Orbis CEO and President Derek Hodkey

Interview with Derek Hodkey, Orbis International CEO

Our partners Qatar Fund for Development, have launched their latest newsletter, which features an interview with our very own Orbis International President and CEO, Derek Hodkey! You can read the interview and check out the full newsletter, in both English and Arabic, below!

Orbis Plays a Prominent Role in Providing Relief and Charitable Aid. What Is Orbis’s Philosophy and Vision in Carrying Out This Role?

Orbis is an international non-profit that has been transforming lives through the prevention and treatment of avoidable blindness for nearly four decades. With our network of partners, we mentor train and inspire entire local eye care teams across Africa, Asia, Latin America and the Caribbean – from health workers in rural clinics to eye surgeons in urban centres – so they can work together to save and restore vision in their communities. By collaborating with hospitals, universities, governments, and ministries of health, we look to create sustainable and affordable eye care services so that no one has to face a life of unnecessary blindness.

Local eye doctors receive training from Orbis Volunteer Faculty during a Flying Eye Hospital program in Mongolia

What Was the Aim Behind Establishing Qatar Creating Vision? and Why Is It Important?

In July 2016, Orbis and the Qatar Fund for Development (QFFD) officially launched the Qatar Creating Vision (QCV) initiative. At the heart of the programme was the drive to identify children with vision loss through timely screening, to prevent blindness and help break the cycle of emotional trauma, social exclusion and economic hardship that untreated eye conditions can bring.

How Did Qatar Creating Vision Impact Orbis’s Mission, Vision and Achievements?

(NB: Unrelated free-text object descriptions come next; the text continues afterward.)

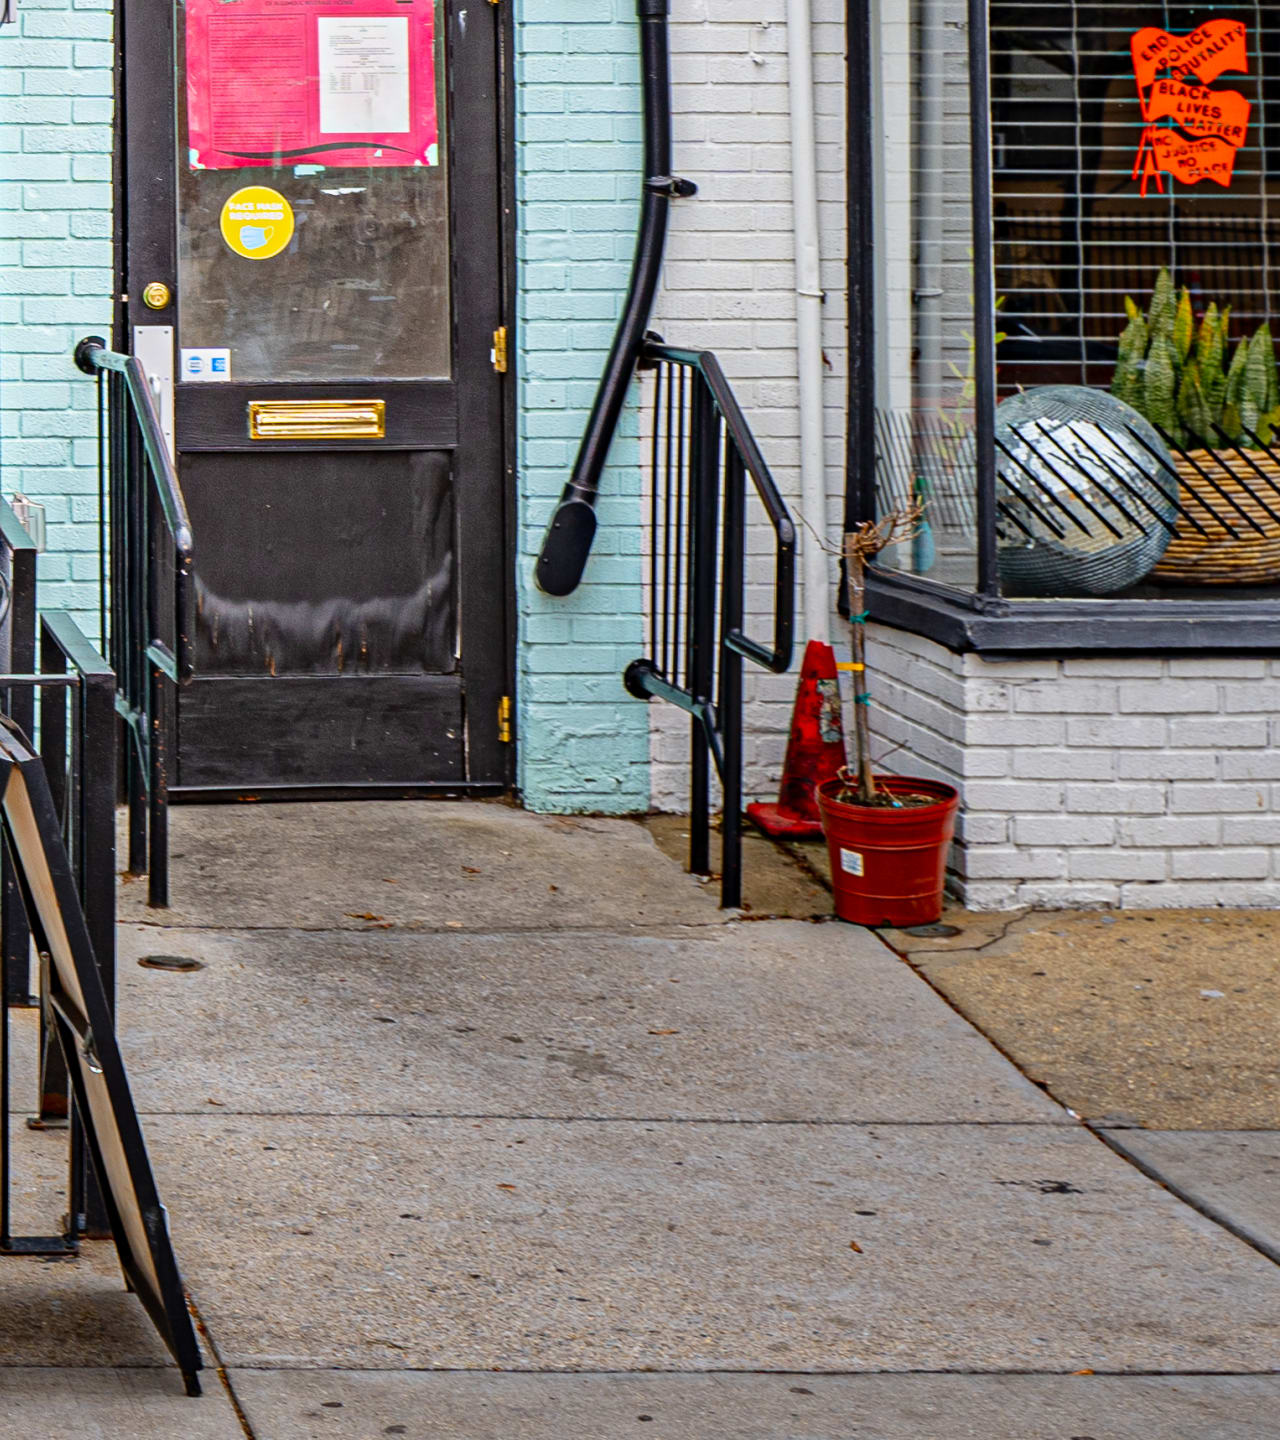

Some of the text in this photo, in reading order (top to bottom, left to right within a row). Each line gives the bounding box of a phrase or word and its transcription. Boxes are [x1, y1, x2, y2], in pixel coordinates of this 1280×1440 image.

[1141, 35, 1169, 61] END
[1157, 27, 1212, 71] POLICE
[1159, 82, 1211, 101] BLACK
[1176, 101, 1222, 119] LIVES
[1183, 117, 1243, 138] MATTER
[1177, 156, 1197, 168] NO
[228, 203, 254, 211] FACE

Thanks to QFFD’s support, Orbis was able to develop pioneering and innovative programmes to fight childhood blindness. As a result, we delivered 6.7 million eye tests and treatments in four years. In India, Orbis had the opportunity to pilot the Refractive Error Amongst Children (REACH) model, the largest child eye health programme of its kind supported by bespoke software – REACHSoft.

In Bangladesh, a strong referral network was established at community level starting with vision points in schools and community locations, supported by a vast network of community health workers who refer those who may need eye treatments to specialist trained staff in vision centres and hospitals. Another major achievement was the establishment of the first Retinopathy of Prematurity (ROP) centre outside Dhaka - this condition affects premature babies.

In South East Bangladesh, a robust model for eye care response in a humanitarian setting was developed. Throughout the life of the project, the level of demand in the refugee community has remained higher than we anticipated, with nearly 40% of all adults screened requiring treatment – significantly higher than in other projects.